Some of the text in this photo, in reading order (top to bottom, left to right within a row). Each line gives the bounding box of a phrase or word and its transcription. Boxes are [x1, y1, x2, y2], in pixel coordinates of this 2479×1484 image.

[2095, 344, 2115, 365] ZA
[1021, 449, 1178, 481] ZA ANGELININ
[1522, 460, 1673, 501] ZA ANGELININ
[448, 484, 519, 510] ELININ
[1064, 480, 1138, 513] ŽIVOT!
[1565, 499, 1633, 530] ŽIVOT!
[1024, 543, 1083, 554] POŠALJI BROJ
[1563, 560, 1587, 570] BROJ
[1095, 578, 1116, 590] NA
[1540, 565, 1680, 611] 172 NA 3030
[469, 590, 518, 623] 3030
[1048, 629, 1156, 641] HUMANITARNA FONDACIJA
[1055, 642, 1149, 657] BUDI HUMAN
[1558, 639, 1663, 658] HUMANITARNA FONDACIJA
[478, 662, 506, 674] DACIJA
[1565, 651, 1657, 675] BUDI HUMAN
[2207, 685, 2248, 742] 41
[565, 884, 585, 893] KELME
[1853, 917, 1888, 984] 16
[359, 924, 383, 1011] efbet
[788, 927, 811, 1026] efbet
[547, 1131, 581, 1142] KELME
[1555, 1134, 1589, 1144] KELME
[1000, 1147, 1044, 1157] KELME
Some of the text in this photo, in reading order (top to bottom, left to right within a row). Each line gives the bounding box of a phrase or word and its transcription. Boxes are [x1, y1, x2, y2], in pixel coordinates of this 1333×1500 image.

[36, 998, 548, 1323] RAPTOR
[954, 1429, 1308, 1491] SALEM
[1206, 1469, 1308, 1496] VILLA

::::::::

> [Action item] Print all of the material above exactly as given.

> [Output of the exercise]
Some of the text in this photo, in reading order (top to bottom, left to right within a row). Each line gives the bounding box of a phrase or word and its transcription. Boxes are [x1, y1, x2, y2], in pixel coordinates of this 2479×1484 image.

[2095, 344, 2115, 365] ZA
[1021, 449, 1178, 481] ZA ANGELININ
[1522, 460, 1673, 501] ZA ANGELININ
[448, 484, 519, 510] ELININ
[1064, 480, 1138, 513] ŽIVOT!
[1565, 499, 1633, 530] ŽIVOT!
[1024, 543, 1083, 554] POŠALJI BROJ
[1563, 560, 1587, 570] BROJ
[1095, 578, 1116, 590] NA
[1540, 565, 1680, 611] 172 NA 3030
[469, 590, 518, 623] 3030
[1048, 629, 1156, 641] HUMANITARNA FONDACIJA
[1055, 642, 1149, 657] BUDI HUMAN
[1558, 639, 1663, 658] HUMANITARNA FONDACIJA
[478, 662, 506, 674] DACIJA
[1565, 651, 1657, 675] BUDI HUMAN
[2207, 685, 2248, 742] 41
[565, 884, 585, 893] KELME
[1853, 917, 1888, 984] 16
[359, 924, 383, 1011] efbet
[788, 927, 811, 1026] efbet
[547, 1131, 581, 1142] KELME
[1555, 1134, 1589, 1144] KELME
[1000, 1147, 1044, 1157] KELME
Some of the text in this photo, in reading order (top to bottom, left to right within a row). Each line gives the bounding box of a phrase or word and its transcription. Boxes are [x1, y1, x2, y2], in pixel coordinates of this 1333×1500 image.

[36, 998, 548, 1323] RAPTOR
[954, 1429, 1308, 1491] SALEM
[1206, 1469, 1308, 1496] VILLA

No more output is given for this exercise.